The central theme of this year's AGBT was the application of sequencing technologies to clinical needs. Recurring topics of discussion included the need for speed in processing pipelines (from samples to interpretation), validation of results and clinical reporting, particularly for incidental findings.
How can results from NGS be validated?
Zivana Tezak (Food and Drug Administration, USA) gave an overview of regulatory considerations and questioned whether NGS technologies have the required quality for clinical use, if Sanger sequencing - the currently established standard - is still required for validation. Tezak discussed decoupling instrument validation from clinical test validation, and the need to define the minimal set of markers tested and percentage of genome covered for an instrument to be deemed reliable for clinical use. However, the question remains: to what extent can an instrument be deemed 'validated' given that failure modes are strongly sequence-specific?
How should NGS results be reported?
Elizabeth Worthey (Medical College of Wisconsin, USA) and several others cited the reporting recommendations of the American College of Medical Genetics. Worthey discussed the difficulty of establishing causality for each patient ('this variant/in this gene/causes this disease/in this case') and described WGS analysis yielding 100 to 120 variants flagged for in-depth review, only approximately six of which were considered clinically reportable. Worthey also highlighted the danger of 'wrong annotation creep' in databases and conference reports. Jonathan Berg (University of North Carolina at Chapel Hill, USA) described 'binning' the genome into three or four actionability levels and a reportability score combining disease severity, likelihood of causality, effectiveness and acceptability of interventions, and available knowledge. The exact cutoff used for reporting findings would then be left to patients' personal preferences.
An additional recurring topic was the need to end the 'diagnostic odyssey': the grueling, painful, expensive and sometimes decades-long journey from negative test to negative test, failing to diagnose a rare disease.

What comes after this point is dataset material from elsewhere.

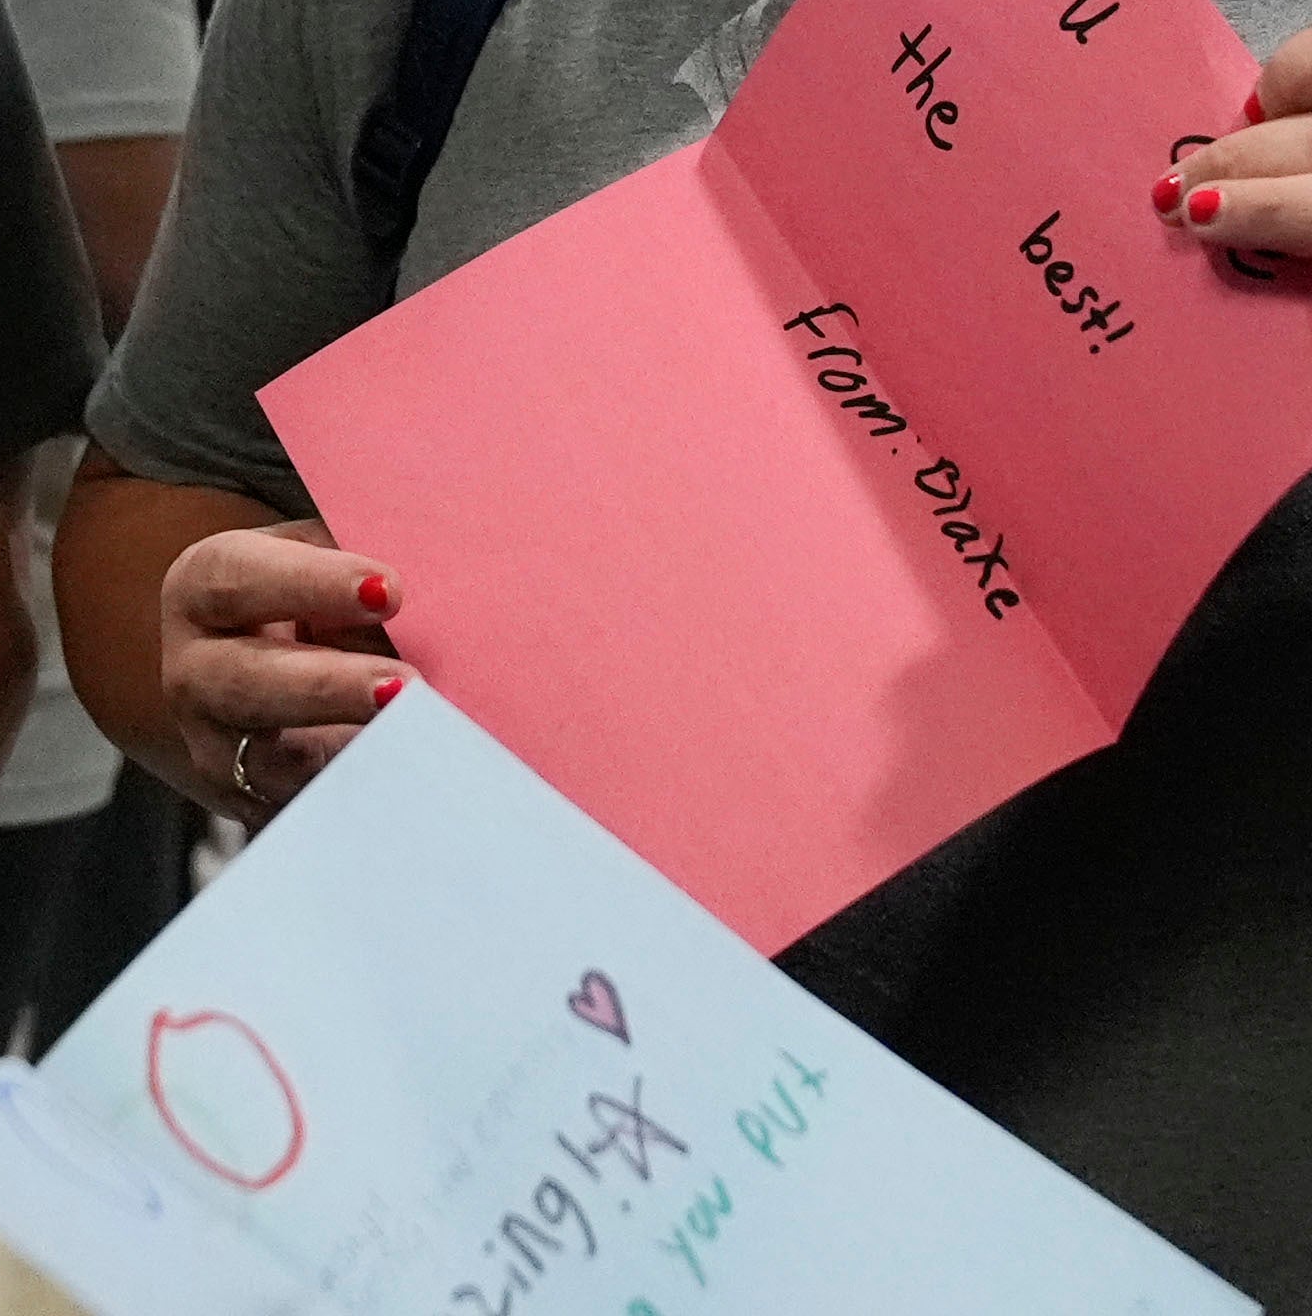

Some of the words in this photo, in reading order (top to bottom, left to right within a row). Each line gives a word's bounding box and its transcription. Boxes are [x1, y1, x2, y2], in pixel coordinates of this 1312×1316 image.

Christine Eng (Baylor College of Medicine, USA) referred to the Undiagnosed Diseases Program at the National Institutes of Health (NIH) - soon to offer support for extramural research - and described an exome sequencing pipeline currently processing 140 samples a month, largely pediatric and neurologic in nature, with a conservative diagnosis rate of 25%. When asked how frequently diagnosis affected healthcare, Eng stressed that the focus was on reaching a diagnosis and ending the odyssey. Stephen Kingsmore (Children's Mercy Hospital, USA) described STAT-Seq, a WGS program to deliver (within 50 hours) a provisional report to the ordering neonatologist, including indications for pharmacogenomic dose adjustment. Kingsmore stressed the psychosocial benefits of rapid and definitive diagnosis, even in the absence of a cure.
Several advances were described using NGS to tackle cancer. Rebecca Leary (Johns Hopkins Kimmel Cancer Center, USA) described Personalized Analysis of Rearrangement Ends (PARE), a method for tracking cancer progression in a patient. Most promising, she described the ability to perform 'digital karyotyping' by sequencing circulating DNA in a patient's plasma - a sensitive method for early detection. Olivier Elemento (Weill Cornell Medical College, USA) performed deep sequencing of VDJ junctions and phylogenetic analysis to elucidate the personalized history of lymphoma - from primary tumor to relapse. Ira Hall (University of Virginia, USA) reanalyzed data from The Cancer Genome Atlas to identify chromosomal rearrangements, mapping thousands of somatic breakpoints to base resolution. This revealed non-random breakpoint clustering: Hall described three main modes of chromothripsis ('chromosome shattering'): focused, diffuse and multifocal, and reported significant enrichment of chromothripsis in glioblastoma.
Sequencing technologies are now being applied 'at all stages of life', not just for research and clinical diagnosis. Kevin Hrusovsky (Perkin Elmer, USA) described 'consumer genomics' uses of sequencing for dating, parental testing, neonatal diagnosis and 'no phenotype' personalized genomics. Dagan Wells (University of Oxford, UK) reported improved in vitro fertilization results by using multiplexed, low-coverage WGS on an Ion Torrent PGM to detect aneuploidies in single cells - a feat performed in just 12.5 hours, for a mere $70 per sample. Sunney Xie (Harvard University, USA) described a highly detailed preimplantation genetic diagnosis procedure that involves sequencing the first and second meiotic polar bodies, to deduce from them the genome of the female pronucleus.